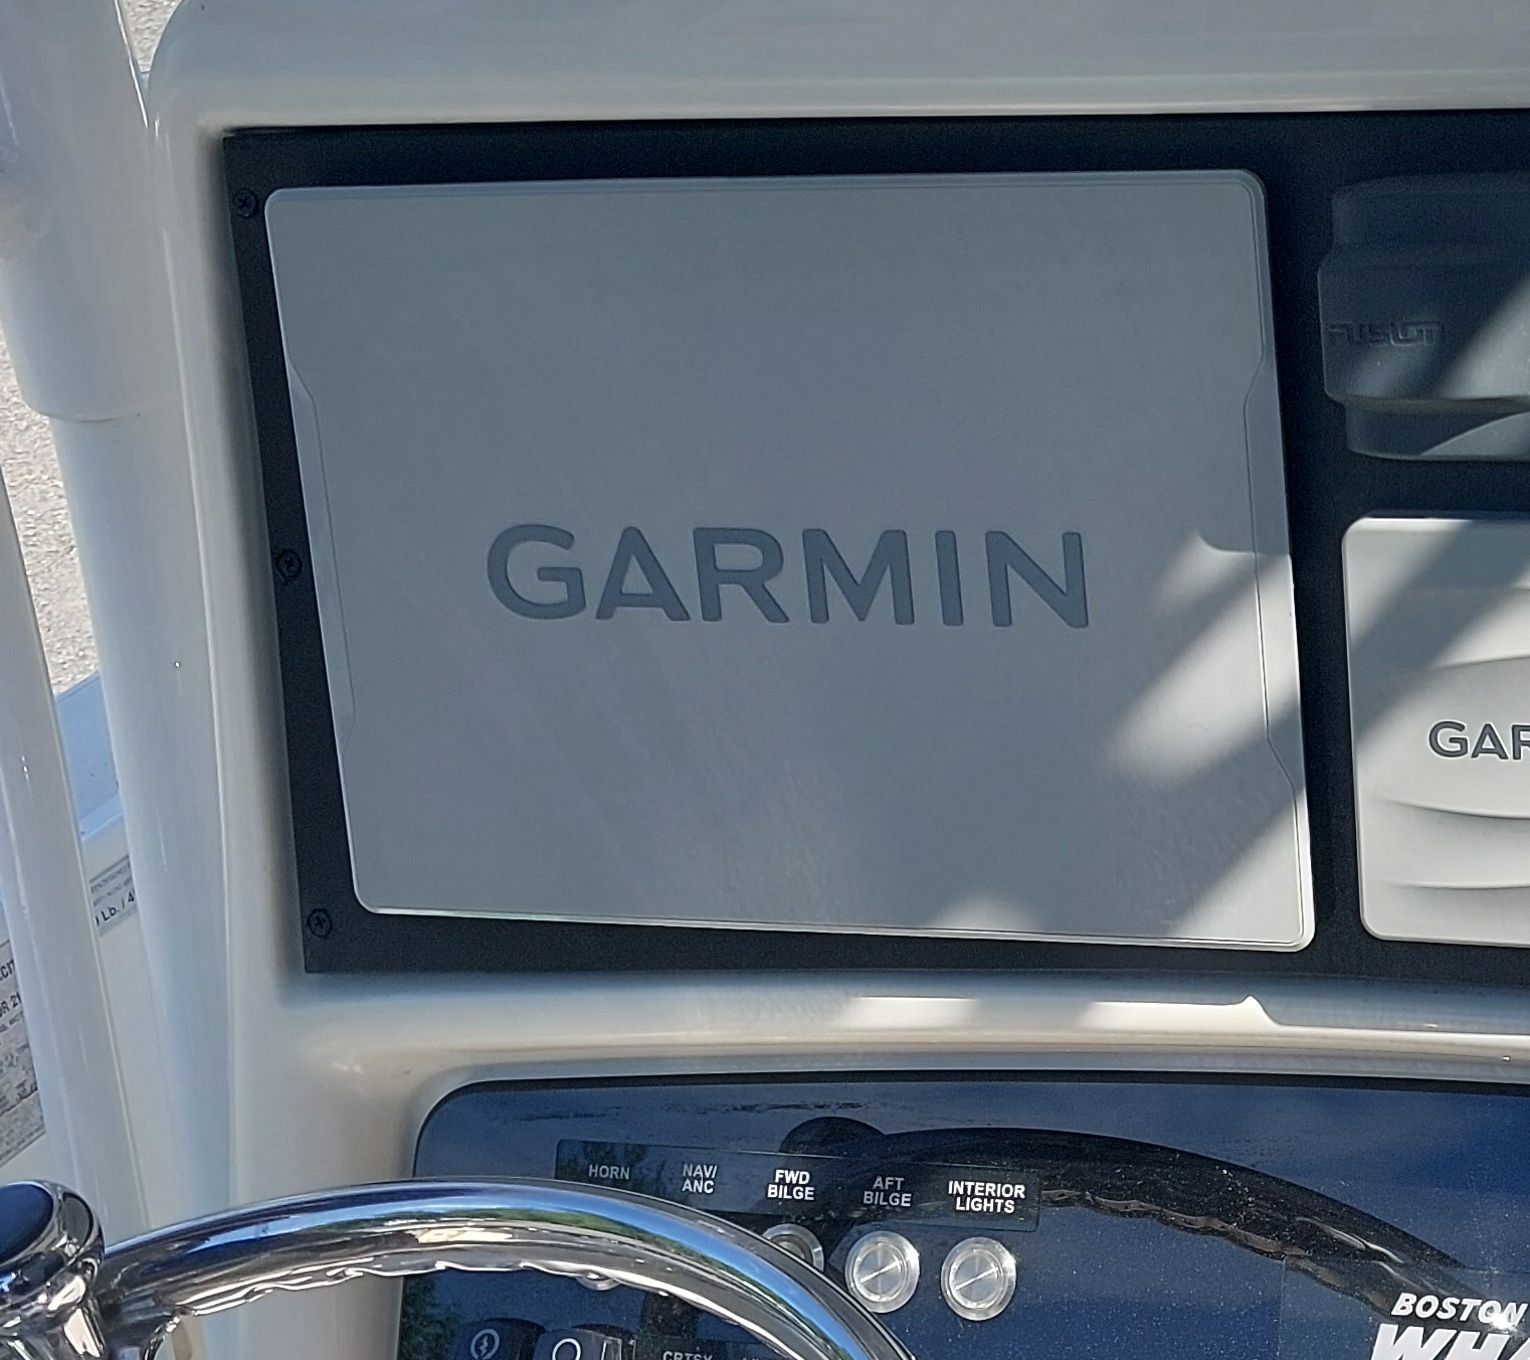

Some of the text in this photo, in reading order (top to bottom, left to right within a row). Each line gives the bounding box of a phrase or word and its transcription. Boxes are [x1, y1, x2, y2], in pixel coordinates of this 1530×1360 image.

[486, 523, 1090, 629] GARMIN
[588, 1164, 630, 1180] HORN
[774, 1169, 811, 1185] FWD
[682, 1178, 715, 1194] ANC
[872, 1176, 905, 1191] AFT
[948, 1180, 1026, 1199] INTERIOR
[767, 1184, 815, 1201] BILGE
[863, 1190, 912, 1207] BILGE
[955, 1196, 1015, 1214] LIGHTS
[1390, 1292, 1529, 1325] BOSTON
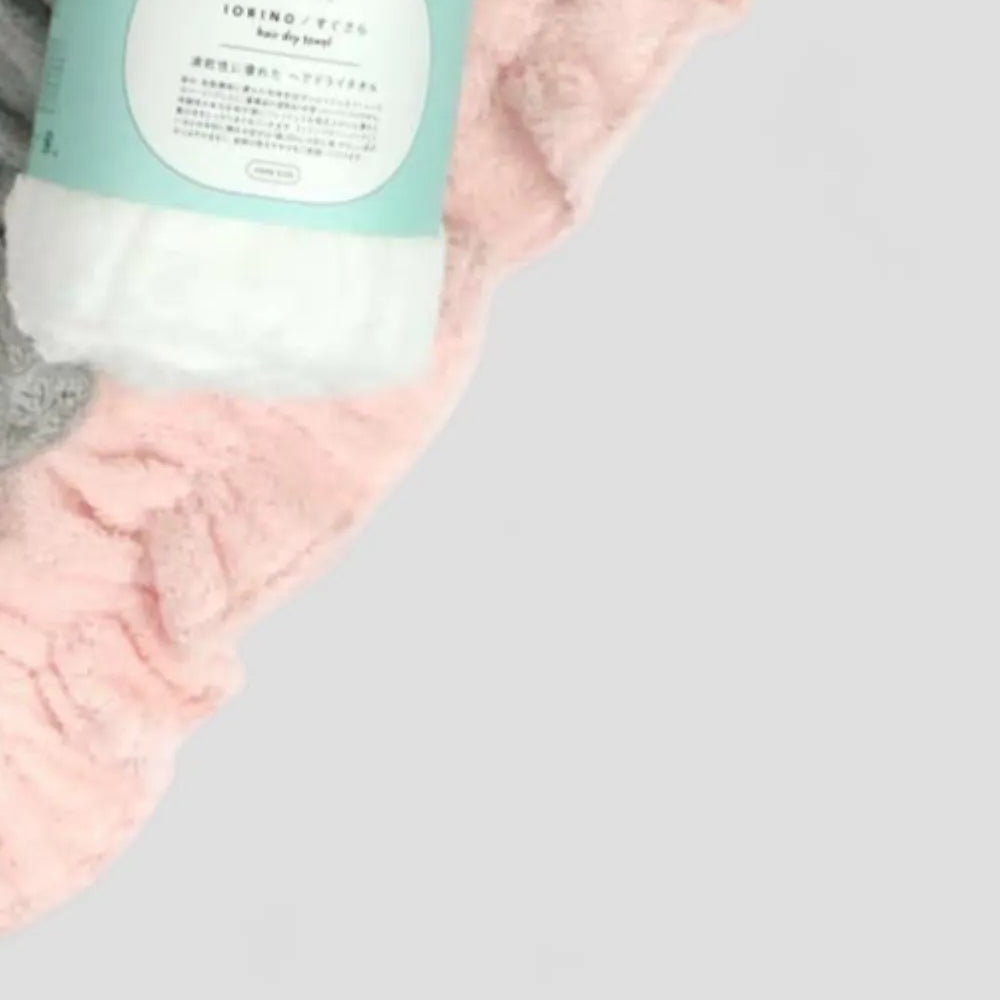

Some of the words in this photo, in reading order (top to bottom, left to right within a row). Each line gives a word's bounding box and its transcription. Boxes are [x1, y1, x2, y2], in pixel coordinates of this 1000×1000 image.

▸ **Work to complete**
Would you give the material back exactly, minus the pictures?

▸ **Response**
Some of the text in this photo, in reading order (top to bottom, left to right within a row). Each line gives the bounding box of a phrase or word and its transcription. Boxes are [x1, y1, x2, y2], in pixel coordinates of this 1530×1360 image.

[486, 523, 1090, 629] GARMIN
[588, 1164, 630, 1180] HORN
[774, 1169, 811, 1185] FWD
[682, 1178, 715, 1194] ANC
[872, 1176, 905, 1191] AFT
[948, 1180, 1026, 1199] INTERIOR
[767, 1184, 815, 1201] BILGE
[863, 1190, 912, 1207] BILGE
[955, 1196, 1015, 1214] LIGHTS
[1390, 1292, 1529, 1325] BOSTON

Some of the words in this photo, in reading order (top to bottom, left to right within a row). Each line gives a word's bounding box and its transcription. Boxes are [x1, y1, x2, y2], in pixel coordinates of this 1000×1000 image.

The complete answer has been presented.